In designing this book, we've taken an agnostic view of the market. Digital transformation and cloud adoption have many paths. Just like any other journey, there are multiple ways to reach the destination, with some paths more optimal than others, depending on what is required for a successful outcome. Many books are extremely technical, detailing technology knobs and dials, configuration formulas, and technical tasks. Many books discuss various concepts for business and strategy. Our approach was to create a book that simultaneously aligns strategy, technology, and economics. Fundamentally, we believe these cannot be separated. Technically optimal solutions may not fit within economic goals. Strategy requirements may alter technical choices. Risk always needs to be offset by economics. We believe our industry needs a way to reference and apply these.
There are thousands of service providers in the market offering services out of tens of thousands of locations. Many of them have thousands of products with what seems like endless potential combinations The combinatorial effect of options equates to trillions of possible solutions available in the market today. How do we begin to sort through the data? How do we analyze a representative sample size to make a well informed, market-conscious decision?

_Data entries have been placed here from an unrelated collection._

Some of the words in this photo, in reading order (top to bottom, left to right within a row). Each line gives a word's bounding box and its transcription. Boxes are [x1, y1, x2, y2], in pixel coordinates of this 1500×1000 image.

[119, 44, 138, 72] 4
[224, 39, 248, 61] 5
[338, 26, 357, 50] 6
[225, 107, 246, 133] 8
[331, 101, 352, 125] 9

In construction, it would be costly to finish half a building just to have a fatal flaw cause you to tear it down. The high cost of failure is astronomical. Not to mention the costly person-hours expended in the preliminary work needed to design, architect, and fund such a project. Cost is why every major modern design process today uses computer-aided design, which is particularly the case if the marketplace has a high cost of design coupled with a high-cost failure. Industries from computer chip design using Cadence to construction using Autodesk have evolved in this way. Can you imagine trying to develop computer chips using paper and pencil?

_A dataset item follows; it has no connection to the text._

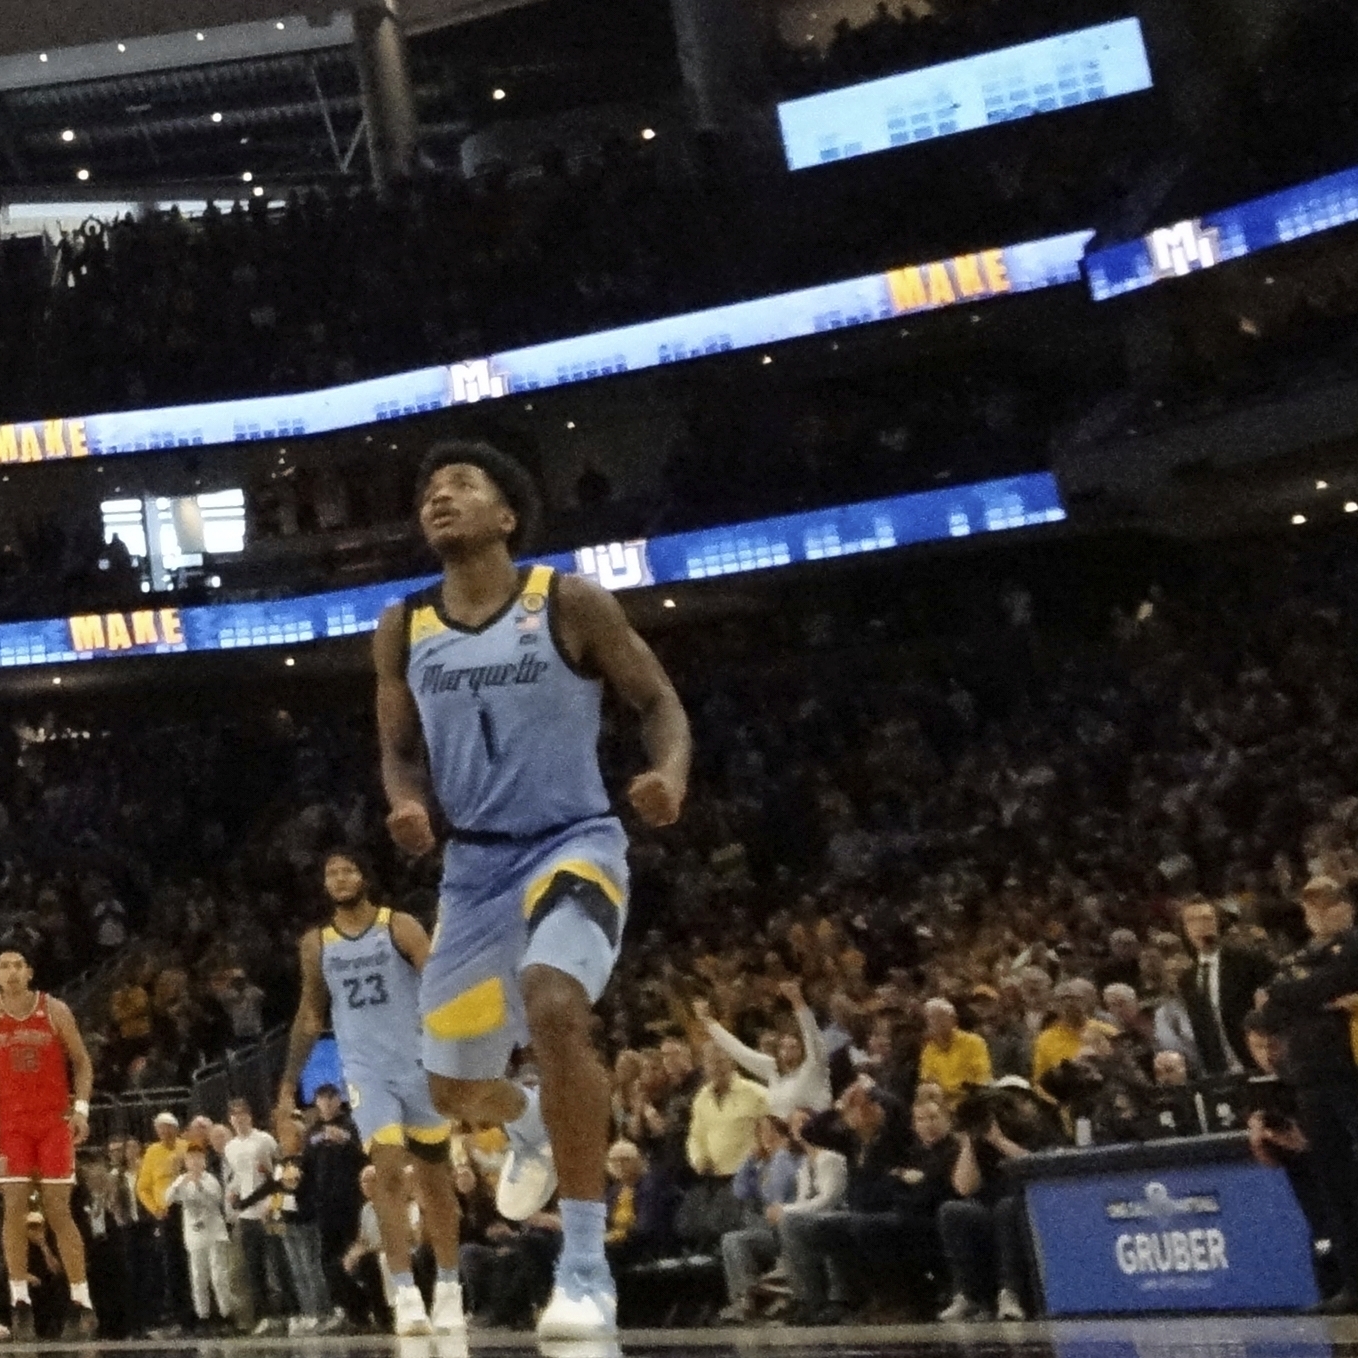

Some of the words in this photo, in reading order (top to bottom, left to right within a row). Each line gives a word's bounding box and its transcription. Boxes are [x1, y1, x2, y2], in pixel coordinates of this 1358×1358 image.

[887, 248, 1011, 312] MAKE
[67, 608, 184, 654] MAKE
[342, 973, 389, 1010] 23
[1115, 1227, 1229, 1276] GRUBER

We see the same thing in the IT industry. IT today is all about hybrid platforms and cloud computing. Failure is very, very expensive. Going back to the construction idea mentioned previously, it is very cumbersome and expensive to have finished with 40 stories of a skyscraper and realize it must be torn down due to a fatal flaw in the foundation.

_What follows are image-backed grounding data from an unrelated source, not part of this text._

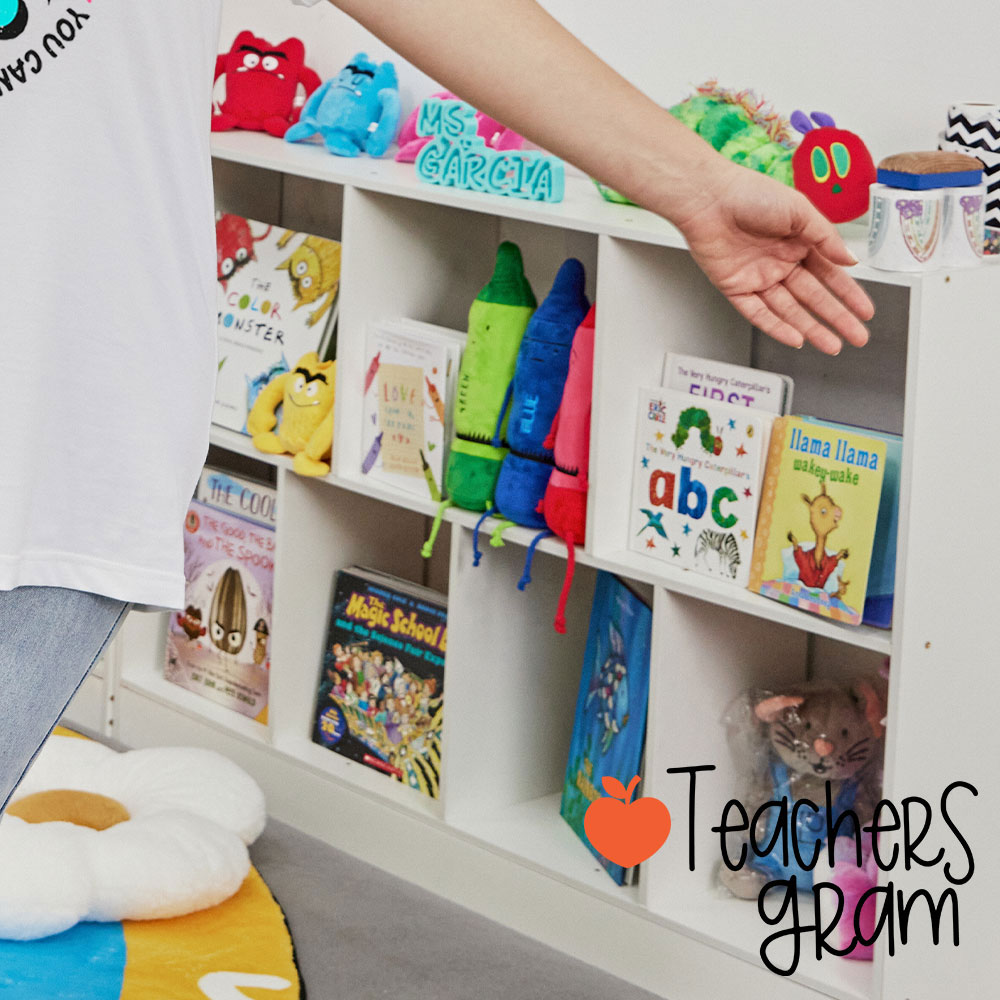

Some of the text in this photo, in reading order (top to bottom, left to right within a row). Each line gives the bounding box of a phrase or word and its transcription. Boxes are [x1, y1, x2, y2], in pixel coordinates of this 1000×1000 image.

[42, 7, 90, 59] YOU
[419, 143, 553, 199] GARCIA
[251, 278, 272, 292] THE
[227, 291, 282, 320] COLOR
[678, 366, 688, 376] The
[690, 369, 704, 380] Very
[705, 374, 728, 386] Hungry
[646, 442, 657, 453] The
[660, 447, 675, 460] Very
[678, 453, 702, 468] Hungry
[789, 427, 879, 470] llama llama
[793, 457, 859, 486] wakey-wake
[211, 477, 276, 522] THE COOL
[648, 466, 739, 529] abc
[216, 536, 235, 557] THE
[346, 592, 390, 628] Magic
[390, 608, 441, 646] School

Today's market is rapidly changing, with new options, pricing, locations, concepts, and solutions appearing almost daily. The opportunities to identify, evaluate, and apply new solutions and strategies are endless. Today, we have limited data and no way to work in real time as we compare, optimize, and choose between options and strategies. The tools we use are usually manual, disconnected, expensive, and filled with stop and go serial-built processes. Working with limited data in a disconnected way makes it virtually impossible to make good decisions as the market has changed before we can act confidently. In a situation with little automation, limited data, and disconnected processes, it is impossible to align strategy, technology, and economics to move forward quickly. These challenges mean we need automation, connected ecosystems, and computer-aided design in our IT toolbox:
This book will teach a modern approach to IT solution design. In our design process, economic, technical, and strategic attributes must always align. Executives have always needed to balance economics, return, and risk. As executives modernize their thinking, they are having to blend deeper technical detail with the economic and strategic aspects. Solution designers and architects must also modernize their thinking by adding economics, risk, and strategy with technical detail to make high-value recommendations. Product managers updating skill sets and processes require the same level of strategic and economic prowess as they do technical. As solutions and answers to modern IT challenges are assembled, they must simultaneously align strategy, economics, and technology.
The examples in this book will use enterprise and mission goals to visualize, map, match, and compare solution design patterns modeled using modern computer-aided design platforms. Hybrid is not just a term to describe cloud solutions. It is also used to describe the modernization of skill sets required when architecting business, economic, technical, and risk strategies, new business models, and leading-edge technology solutions.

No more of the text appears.